Wednesday, July 27, 2011

Unexpected Visitors (Another in an Irregular Series of Very Long Stories), Part One: Fairly Aggressive Birds

You may have noticed that I haven’t posted in a while. As I write this, it is Sunday, July 24. Depending on whether or not I can cadge some connectivity in the next several days, this may not be posted until next Monday or Tuesday. But, I have not forsaken you.

On Saturday last, Monkey and I headed west on our now-annual pilgrimage to the Rockies. Our first full day (Sunday) was spent in Boulder. Monkey was meeting some friends she knew in the area, and The Ambassadors and I wandered around the Pearl District, shopping, having lunch, and being called “home dwellers” by one of the myriad homeless ragamuffins that sometimes makes me think that Boulder is the slightly older, American version of Oliver Twist. The highlight of the trip to Boulder, for me, was my now-annual visit to the Boulder Bookstore. I picked up a copy of The Inner Life of Numbers, Oryx and Crake, Chasing the White Dog, and a couple of other titles that caught my eye. Monkey might think I have a compulsion when it comes to buying books from independent bookstores…she’s right.

But not only did we visit with friends while in Colorado, but we were visited frequently, and unexpectedly, on several occasions.

Our first hike of the week was a reprise of a hike that we were forced to abandon two years ago due to inclement weather. If you recall, a hike to Finch Lake was curtailed by persistent rain and hail that drenched us to the bone. This year’s hike was much drier.

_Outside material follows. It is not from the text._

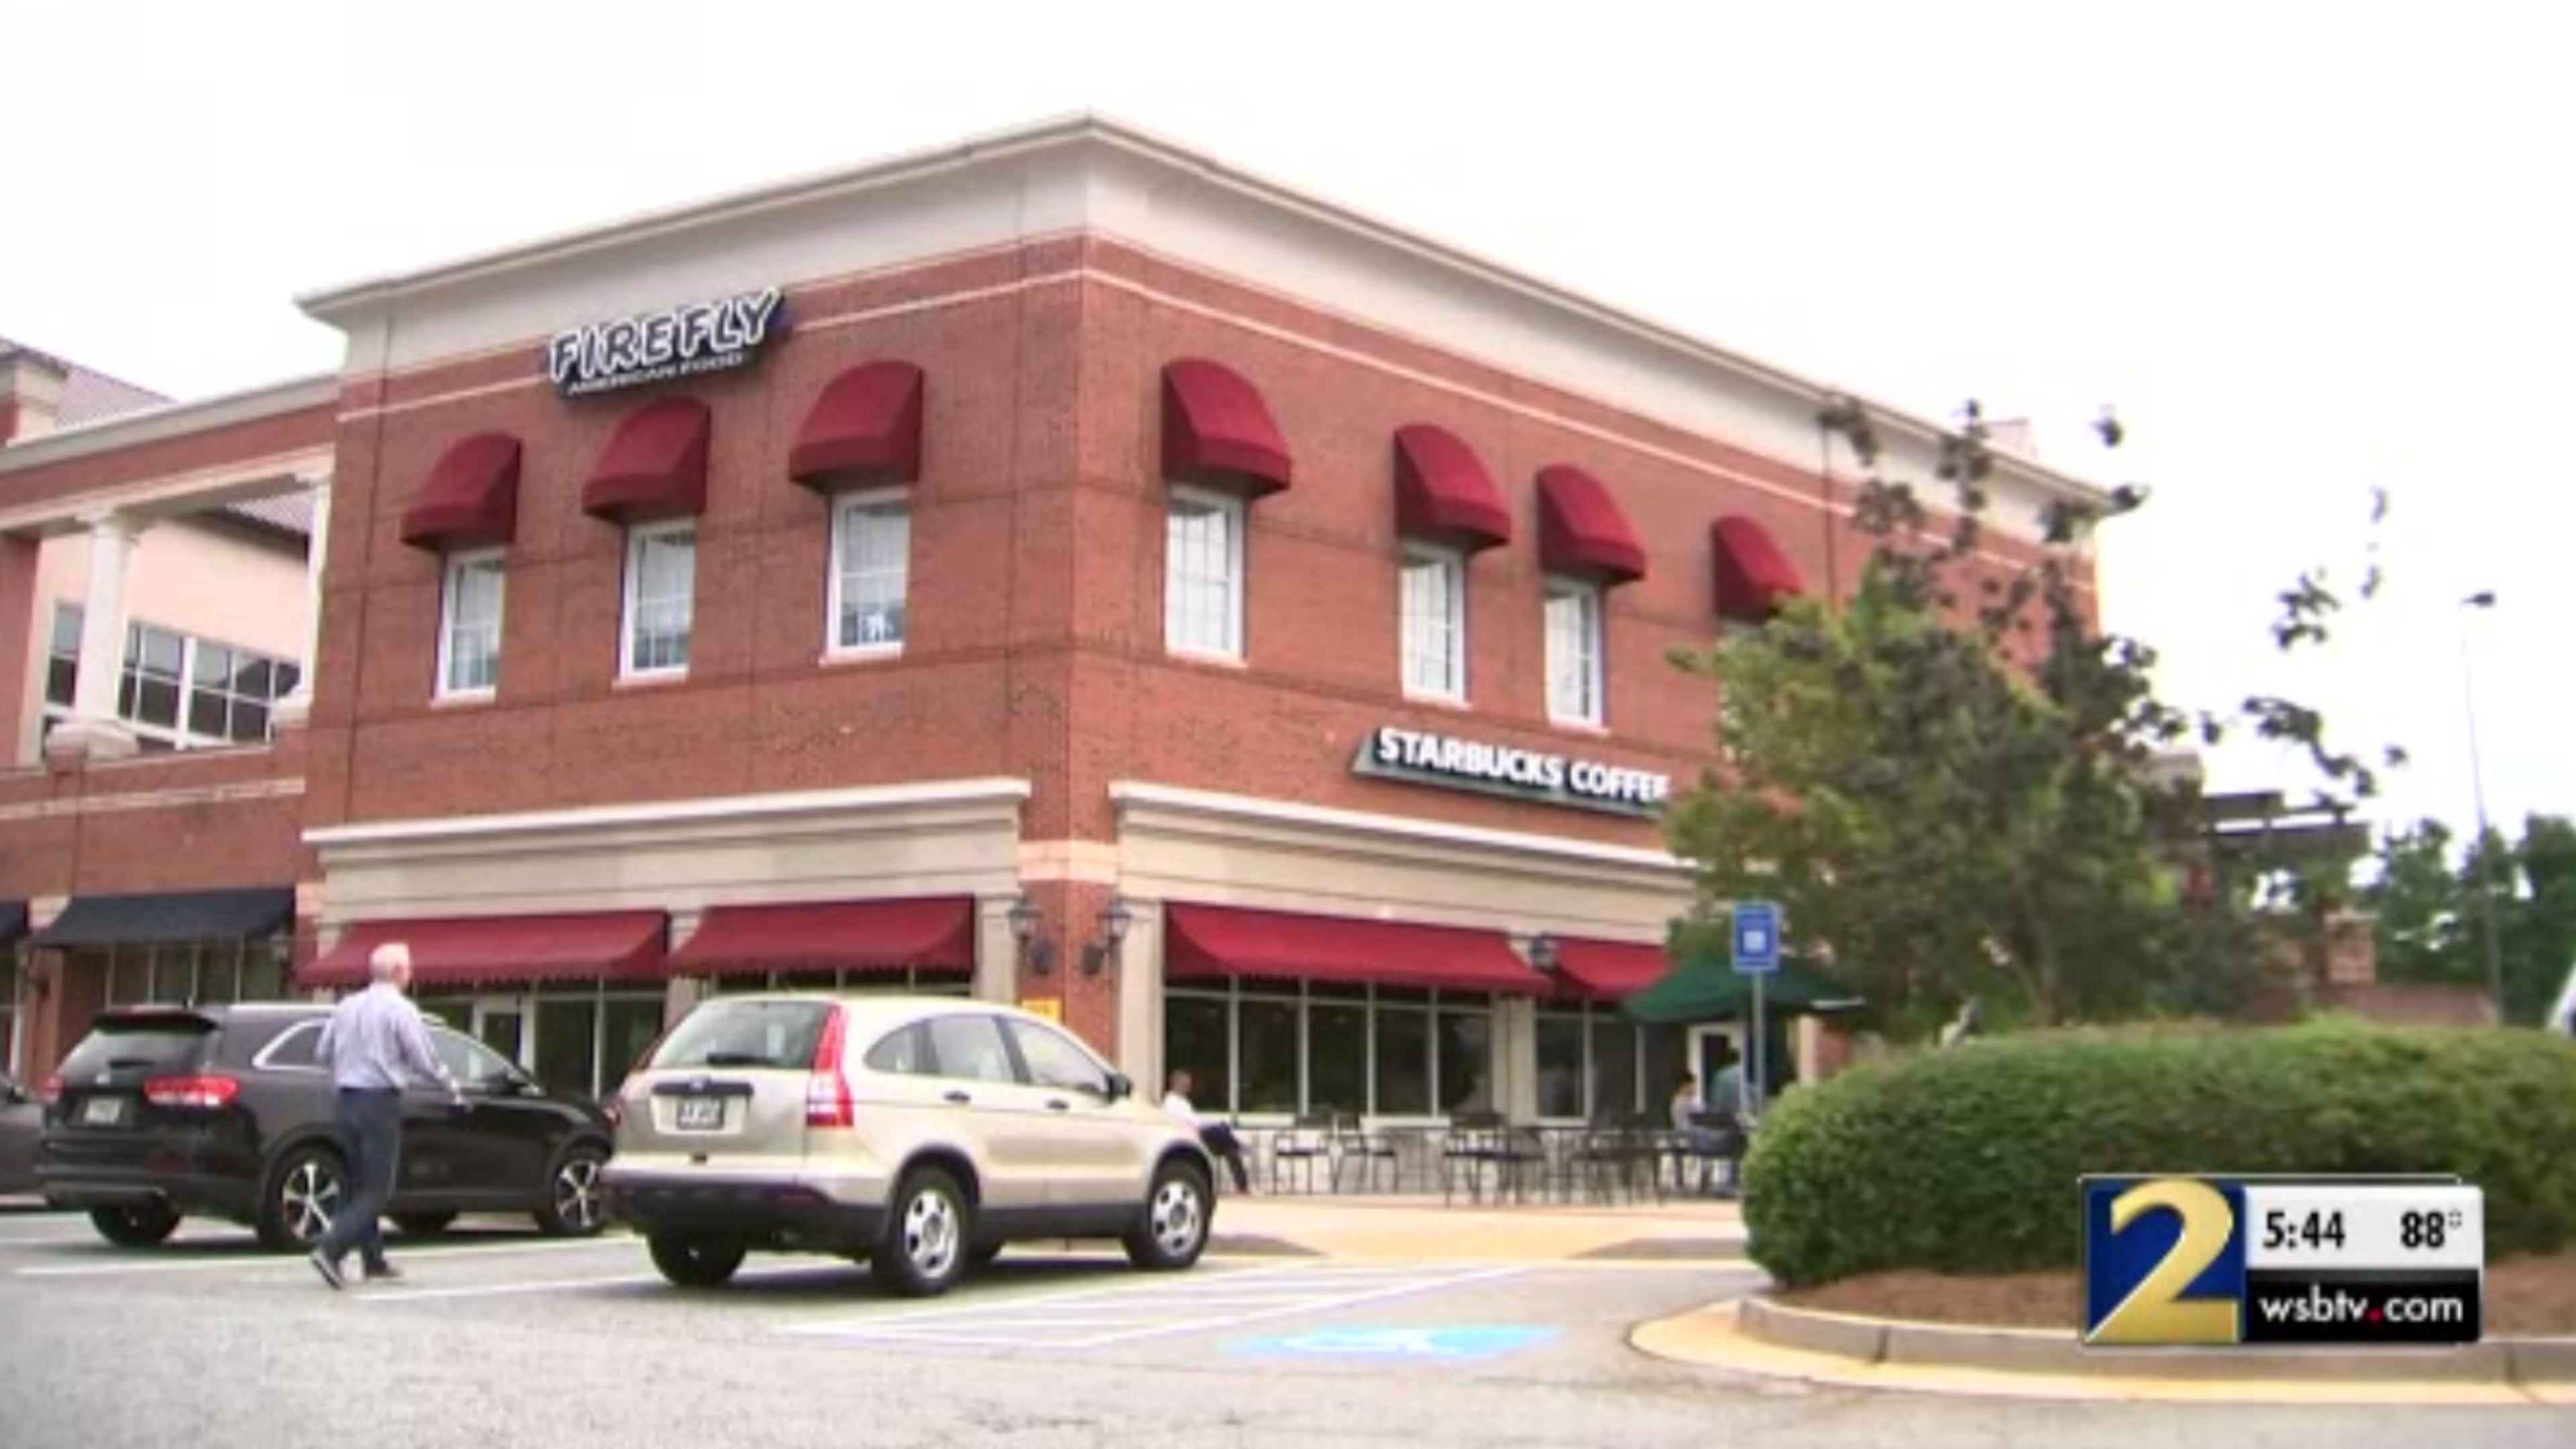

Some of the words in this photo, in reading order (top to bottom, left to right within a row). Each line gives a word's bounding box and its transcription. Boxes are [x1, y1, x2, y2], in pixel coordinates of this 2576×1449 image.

[549, 286, 781, 384] FIREFLY
[568, 366, 676, 396] AMERICAN
[1379, 727, 1563, 786] STARBUCKS

After a breakfast of Meadow Mountain eggs and sausage, we trucked up to the Allenspark Trailhead, where we started our nine mile round trip to Finch. Over all, the hike is not terribly interesting. There are a few moments along a ridge, where the once burned-over forest is open enough to provide some pretty views of neighboring peaks, but the hike saves its treasure until the end, really.

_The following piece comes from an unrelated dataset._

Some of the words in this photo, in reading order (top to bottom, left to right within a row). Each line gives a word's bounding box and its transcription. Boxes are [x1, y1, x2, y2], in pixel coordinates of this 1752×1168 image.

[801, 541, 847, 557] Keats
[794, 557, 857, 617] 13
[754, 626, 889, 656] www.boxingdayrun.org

We arrived at Finch Lake just in time to enjoy a traditional PB and J lunch by the rocky and grassy shore. The air danced with freshly hatched mayflies, the water teemed with water striders and diving bugs. I sat on a boulder and gazed into the shallows of the lake, on each side of me, The Ambassadors enjoyed their sandwiches. In the periphery of my vision, I saw a flash. Behind me, Monkey let out a muffled, “Ah!” and jumped up from her perch. I turned around to see a gray flash flutter up into the trees.

“What happened,” an Ambassador asked.

“That bird just tried to take my apple!”

A gray jay had swooped from its perch and tried to pilfer Monkey’s lunchtime desert. And so, we had the first of several unexpected visitors. Lucky for Monkey, she was unscathed by the sortie, but she was clearly shaken, and no wonder, since the gray jay was still waiting in the trees above her to make another attack. However, after a few minutes, the bird began moving off, leaving Monkey to finish her apple in relative peace.

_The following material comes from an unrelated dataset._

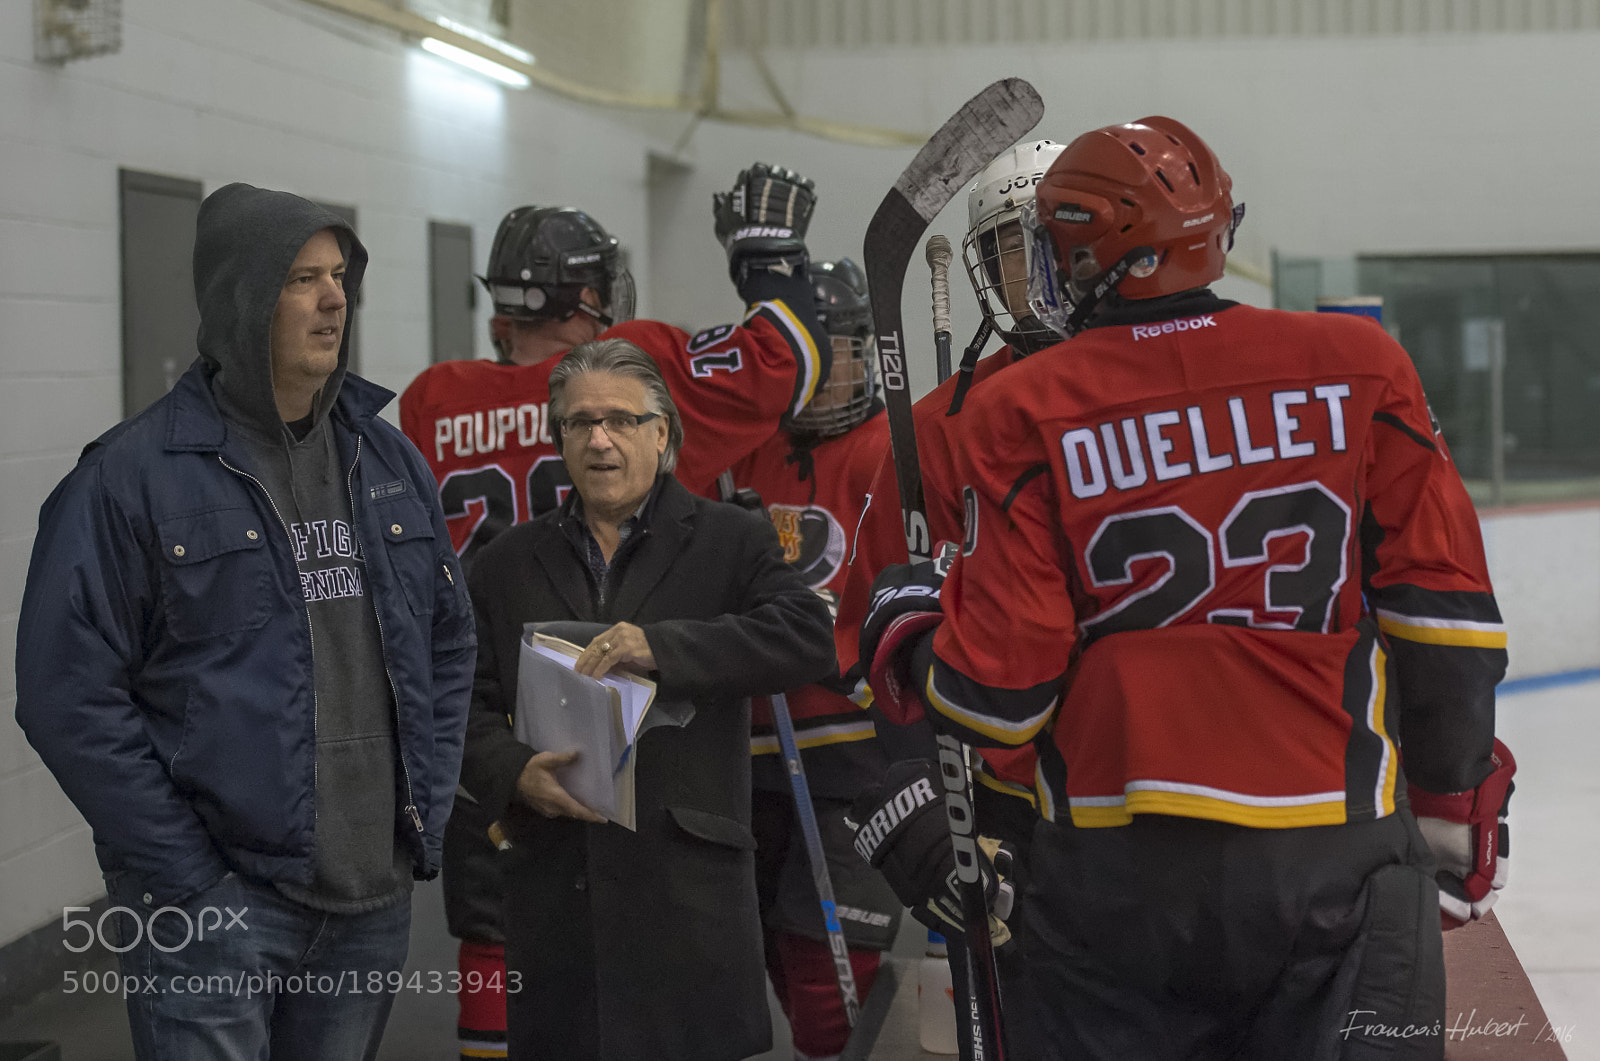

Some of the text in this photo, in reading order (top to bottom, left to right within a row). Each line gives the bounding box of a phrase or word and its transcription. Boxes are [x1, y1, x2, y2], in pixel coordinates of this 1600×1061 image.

[880, 330, 905, 391] T120
[1132, 314, 1217, 342] Reebok
[1060, 382, 1352, 500] OUELLET
[1078, 480, 1352, 638] 23

After twenty tense minutes, in which Monkey ate her apple with one eye on the trees, we hitched our packs back up and headed down to the trail head. The sky stayed dry. We made it back to the trail head in good time, headed back to the Brown Cabin, and began discussions to decide our next day’s hike.

(Posted from the Wicomico County Public Library. Odds of another post before Sunday: slim.)

Friday, July 15, 2011

Where I Can Be

So I’m packing my bags for the Misty Mountains

Where the spirits go, now.

Over the hills where the spirits fly.

--Led Zeppelin, “Misty Mountain Hop”

Early Saturday morning, Monkey and I are packing the Penguin and heading west for the Rocky Mountains. I look forward to this trip every year. Nothing brings me peace like being in or near the mountains.

Growing up, my family vacation was always to the east: the ocean. And, every year, I looked forward to that trip. I loved nothing more than rising before dawn, packing the car and taking a three hour (if we were lucky) drive to the Atlantic shore. I loved the roar of the surf, the smell of the ocean, the heat of the sun, the feel of the sand under foot. I loved to hear the cry of gulls. I loved the nightly trips to the crowded boardwalk, the ice cream, the vinegar-coated fries. I loved steamed crabs and fried chicken. I loved walking the beach and swimming in the breakers. But, as I recall those trips, there was very little peace. Of course, a ten year-old boy usually isn’t looking for peace, is he?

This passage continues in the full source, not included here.